Authorities didn’t explicitly call for a breakup of Ant Group, the Alibaba (BABA)-affiliated company that operates China’s largest digital wallet, Alipay, and offers everything from investment accounts and micro savings products to insurance, credit scores and even dating profiles. The business is controlled by billionaire Jack Ma.

But Pan’s statement did suggest that Beijing wants Ant Group to overhaul its operations. Regulators told the company — which has evolved from a digital payments platform to a sprawling financial empire — to “go back” and focus on its “original” payments services, among other tasks, according to Pan.

Pan also said regulators expect Ant Group to make changes to several of its businesses, and called for a “strict overhaul” of its credit, insurance, and wealth management services. It also said that its personal credit business needs to focus on protecting the privacy of the data it collects from people.

“Ant Group must fully realize the seriousness and necessity of this rectification,” the regulators told the company. They added that the firm must develop a plan to implement these changes “as soon as possible.”

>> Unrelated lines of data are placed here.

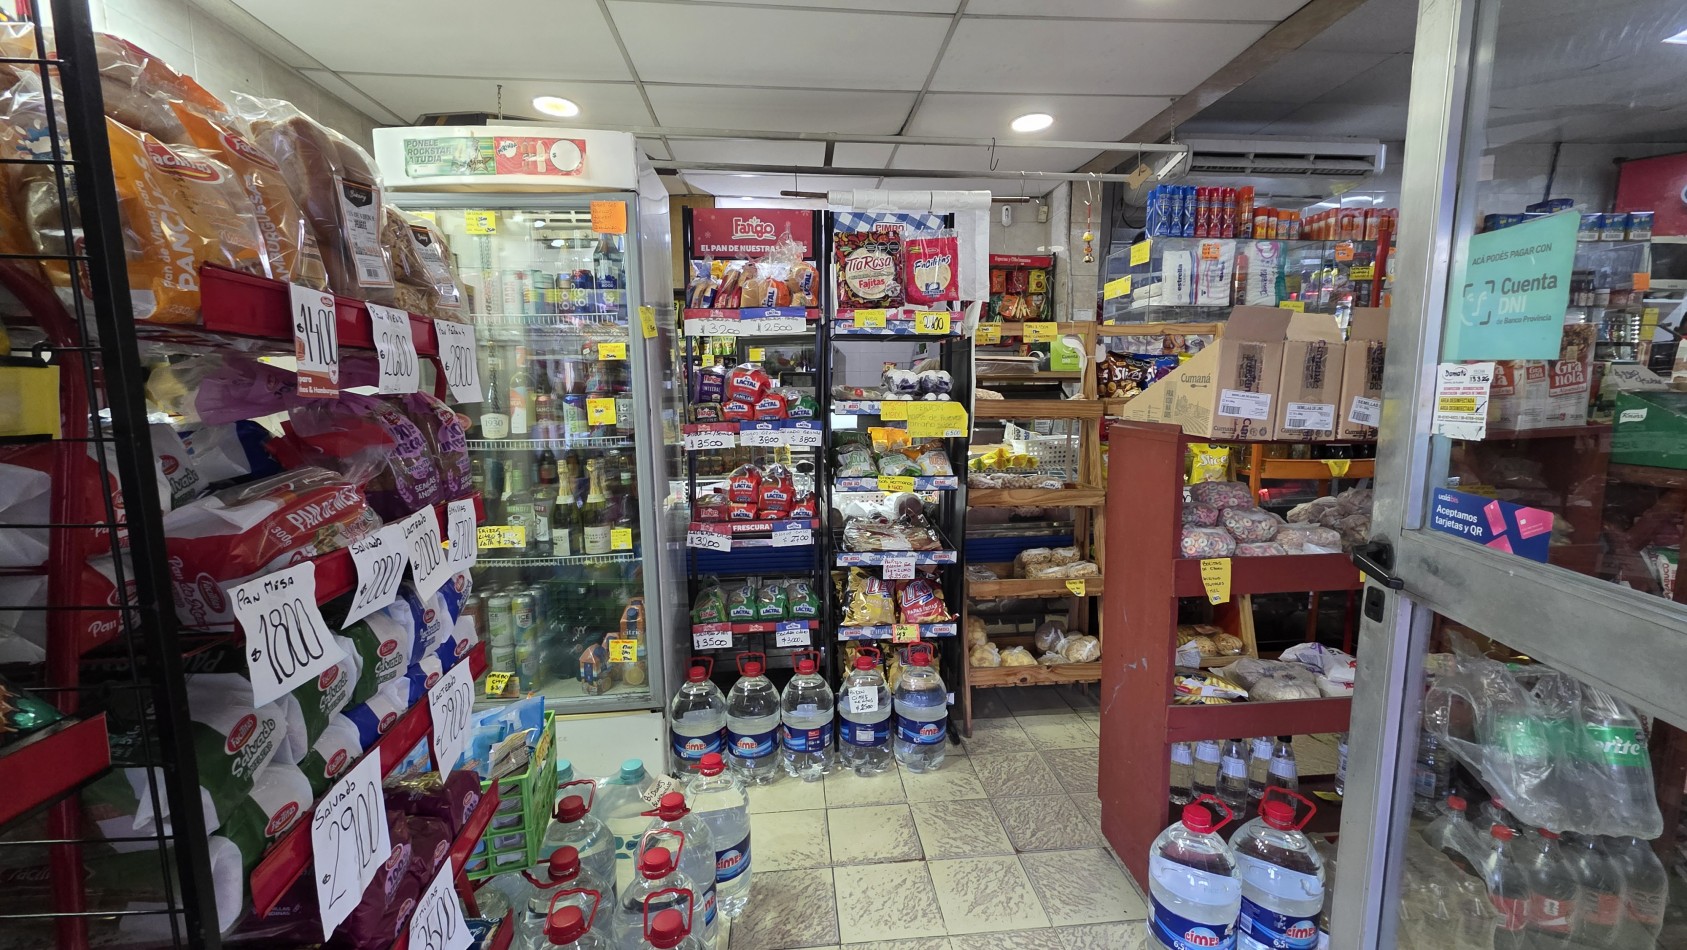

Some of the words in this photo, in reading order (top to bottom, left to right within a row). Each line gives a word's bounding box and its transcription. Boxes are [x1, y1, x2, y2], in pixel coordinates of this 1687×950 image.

[148, 212, 165, 245] Viena
[244, 175, 289, 283] AMBURGUESAS
[1472, 254, 1487, 266] ACÁ
[1486, 250, 1509, 264] PODÉS
[1510, 246, 1535, 259] PAGAR
[1535, 242, 1553, 254] CON
[858, 277, 885, 290] Fajitas
[1501, 273, 1558, 295] Cuenta
[1498, 295, 1527, 315] DNI
[1503, 316, 1523, 325] Banco
[1522, 313, 1552, 323] Provincia
[764, 323, 793, 332] 2500
[1555, 361, 1582, 374] Gra
[735, 379, 758, 389] LACTAL
[1181, 372, 1211, 384] Cumaná
[1555, 370, 1584, 386] nola
[790, 409, 811, 417] LACTAL
[697, 439, 723, 448] 3500
[759, 436, 779, 445] 3800
[171, 466, 200, 494] lvado
[734, 482, 753, 490] LACTAL
[286, 503, 323, 532] PAN
[792, 510, 812, 518] LACTAL
[1436, 504, 1478, 523] Aceptamos
[1435, 516, 1463, 531] tarjetas
[1463, 524, 1470, 534] y
[1470, 525, 1483, 537] QR
[270, 525, 292, 548] 300g
[732, 608, 751, 616] LACTAL
[762, 607, 781, 615] LACTAL
[795, 606, 814, 614] LACTAL
[702, 638, 728, 647] 3500
[229, 717, 255, 748] Facilitas
[231, 718, 275, 778] Salvado
[1602, 739, 1641, 756] rite
[326, 750, 347, 776] Facilitas
[268, 804, 297, 834] Facilitas
[1184, 926, 1219, 947] cimes

Beijing’s announcement comes nearly two months after authorities scuttled Ant Group’s initial public offering in Hong Kong and Shanghai at the last minute. It would have been the world’s biggest stock market listing.
$250 billion wiped off Chinese tech stocks as Beijing signals crackdown

Ant Group said Sunday that it would take heed of the latest requirements, and added that it would focus on innovation, serving small businesses and increasing competitiveness on an international scale for the benefit of the country.

“We appreciate [the] financial regulators’ guidance and help,” the company added.

It’s not just Ant Group that is under the microscope in China. President Xi Jinping made clear at a recent economic conference that one of the country’s most important goals for next year is to strengthen anti-monopoly efforts against online platforms and prevent a “disorderly expansion” of capital, according to state news agency Xinhua.
And last week, the country’s top market regulator said that it would probe alleged monopolistic behavior by Alibaba. It also summoned representatives from Alibaba, Tencent (TCEHY), JD.com (JD) and other big internet firms and warned them against dumping goods at unreasonably low prices, creating monopolies and abusing consumer data for profit.

The tech sector has been shaken by the heightened scrutiny. On Monday, shares of Alibaba fell 8% in Hong Kong, even as the company announced that it was significantly raising the size of an ongoing share buyback program.

The stock, which is trading at its lowest levels in six months, has lost 32% since a peak in October, just before the Ant Group IPO was pulled. That equates to nearly $300 billion wiped off its market value.

Other tech stocks are suffering, too. Tencent sank 6.7%, while JD.com lost 2.2%. Meituan, a big online services platform, lost 6.9%.